Understanding the Role of All-Trans Retinoic Acid in Acute Myeloid Leukemia Cells

Abstract

Background: All-trans retinoic acid (ATRA) has revolutionized the management of acute promyelocytic leukemia (APL) and has generated interest in differentiation therapy as means to reduce reliance on conventional chemotherapy in other subtypes of acute myeloid leukemia (AML). However, the precise relationship between immunophenotypic changes and morphological maturation during ATRA-induced differentiation remains poorly defined. This study aimed to investigate the phenotypic and morphological progression of HL60 cells treated with ATRA and to establish quantitative correlations between surface marker expression and cell morphology.

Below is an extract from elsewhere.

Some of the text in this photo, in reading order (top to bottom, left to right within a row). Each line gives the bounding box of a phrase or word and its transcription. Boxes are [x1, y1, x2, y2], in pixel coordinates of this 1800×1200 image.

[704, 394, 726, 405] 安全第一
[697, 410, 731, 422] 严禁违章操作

Methods: HL60 cells were treated with 1 µM ATRA. Expression of myeloid and monocytic surface markers (CD38, CD45, CD11b, human leukocyte antigen (HLA)-DR, CD15, CD13, CD33) was analyzed in parallel with morphological assessment using Giemsa-stained cytospin preparations. Pearson correlation analysis was applied to link surface marker expression with specific stages of granulocytic differentiation. In addition, the mRNA expression of myeloid-specific transcription factors PU.1, RUNX1 and CEBPα was evaluated following ATRA treatment.

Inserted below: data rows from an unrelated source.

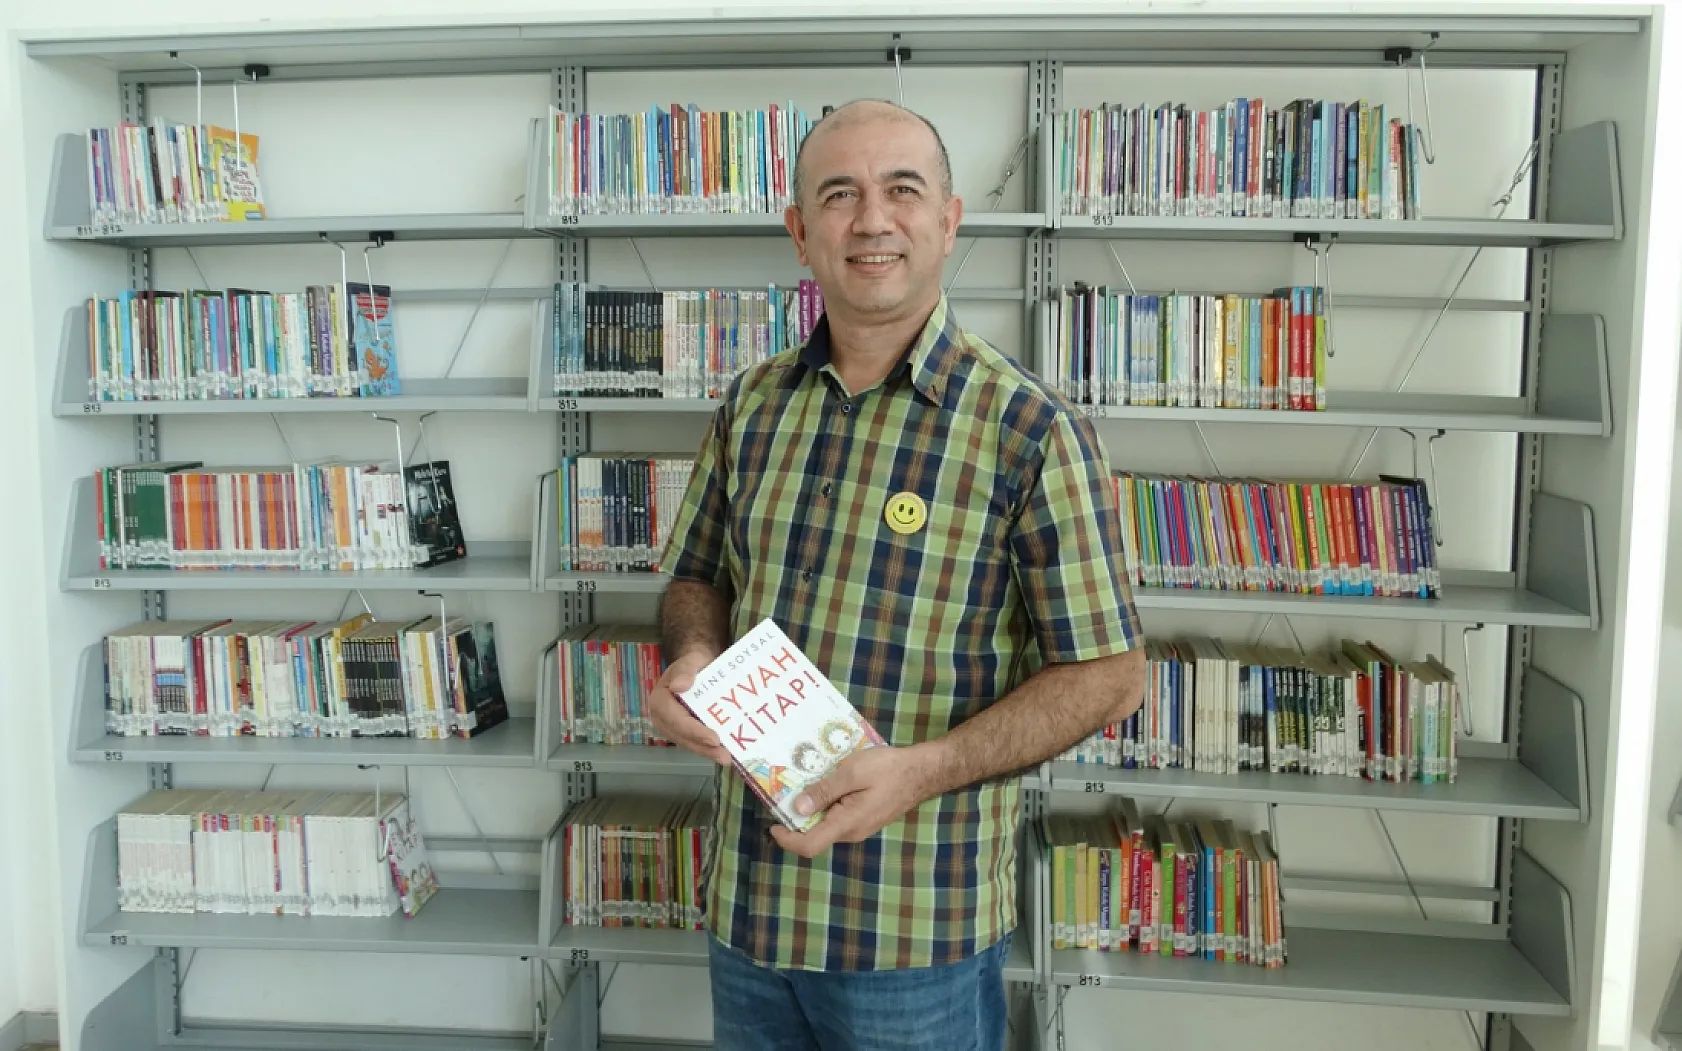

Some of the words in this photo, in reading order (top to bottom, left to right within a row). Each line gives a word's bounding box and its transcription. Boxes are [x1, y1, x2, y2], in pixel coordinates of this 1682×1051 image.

[562, 215, 578, 224] 813
[1093, 215, 1112, 225] 813
[83, 403, 101, 412] 813
[558, 399, 577, 410] 813
[94, 579, 110, 587] 813
[577, 580, 596, 591] 813
[728, 632, 775, 670] SOYSAL
[706, 646, 798, 726] EYVAH
[729, 670, 820, 751] KİTAP!
[104, 751, 123, 761] 813
[574, 761, 592, 771] 813
[1085, 782, 1104, 793] 813
[571, 949, 588, 959] 813
[1079, 974, 1100, 985] 813
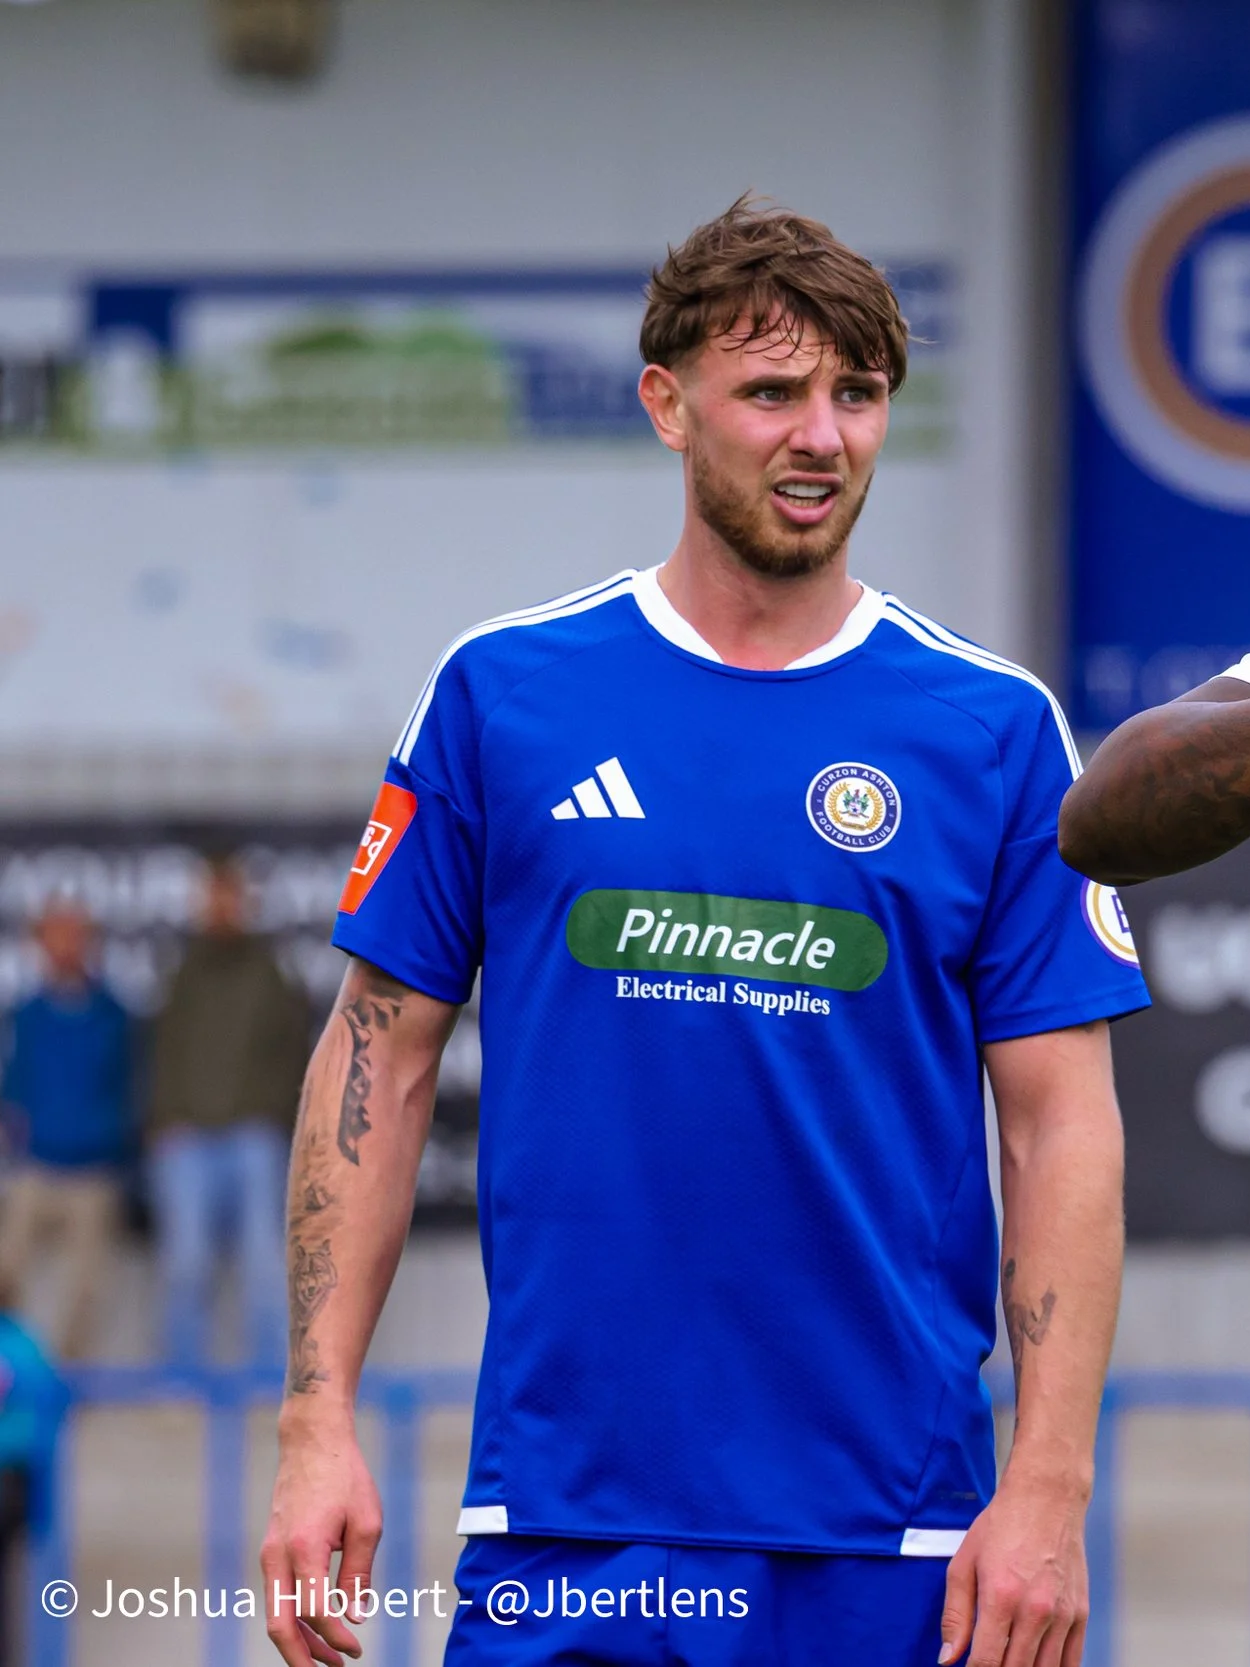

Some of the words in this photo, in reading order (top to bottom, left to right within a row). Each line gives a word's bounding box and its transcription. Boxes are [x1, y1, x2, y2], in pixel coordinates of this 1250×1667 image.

[817, 768, 858, 793] CURZON
[862, 771, 895, 806] ASHTON
[816, 811, 864, 845] FOOTBALL
[867, 825, 892, 844] CLUB
[616, 908, 836, 970] Pinnacle
[615, 975, 726, 1004] Electrical
[733, 982, 831, 1016] Supplies

Results: ATRA induced a stepwise maturation of HL60 cells from promyelocytes through metamyelocytes and band forms to segmented neutrophils, recapitulating physiological granulopoiesis. Acquisition of mature morphology correlated positively with CD38, CD45, CD11b, HLA-DR, and CD15 expression, while CD13 and CD33 were progressively downregulated and inversely correlated with differentiation. Importantly, this study established quantitative links between distinct immunophenotypic signatures and defined morphological stages, a relationship not clearly demonstrated in previous HL60 studies. Concomitantly, ATRA upregulated transcription factors PU.1, RUNX1 and CEBPα, supporting the coordinated regulation of phenotypic and morphological maturation.

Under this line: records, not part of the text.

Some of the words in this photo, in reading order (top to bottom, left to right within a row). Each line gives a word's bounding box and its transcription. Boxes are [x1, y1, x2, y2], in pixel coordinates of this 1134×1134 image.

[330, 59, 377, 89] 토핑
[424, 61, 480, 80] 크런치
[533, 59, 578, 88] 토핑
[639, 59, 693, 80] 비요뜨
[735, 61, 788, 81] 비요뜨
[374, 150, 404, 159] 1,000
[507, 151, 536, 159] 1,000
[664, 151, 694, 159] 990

Conclusions: Our study reveals that ATRA not only promotes broad differentiation of HL60 cells but also orchestrates a targeted reprogramming that synchronizes morphological maturation with distinct immunophenotypic shifts, mediated by transcriptional upregulation of PU.1, RUNX1 and CEBPα. This integrative profiling - linking molecular, functional, and morphological parameters - offers a nuanced understanding of the differentiation trajectory and establishes a robust framework for assessing ATRA and other differentiation-based strategies in AML. By delineating these correlations, our findings pave the way for therapeutic approaches that leverage controlled leukemic cell maturation, potentially minimizing the cytotoxic burden associated with conventional chemotherapy.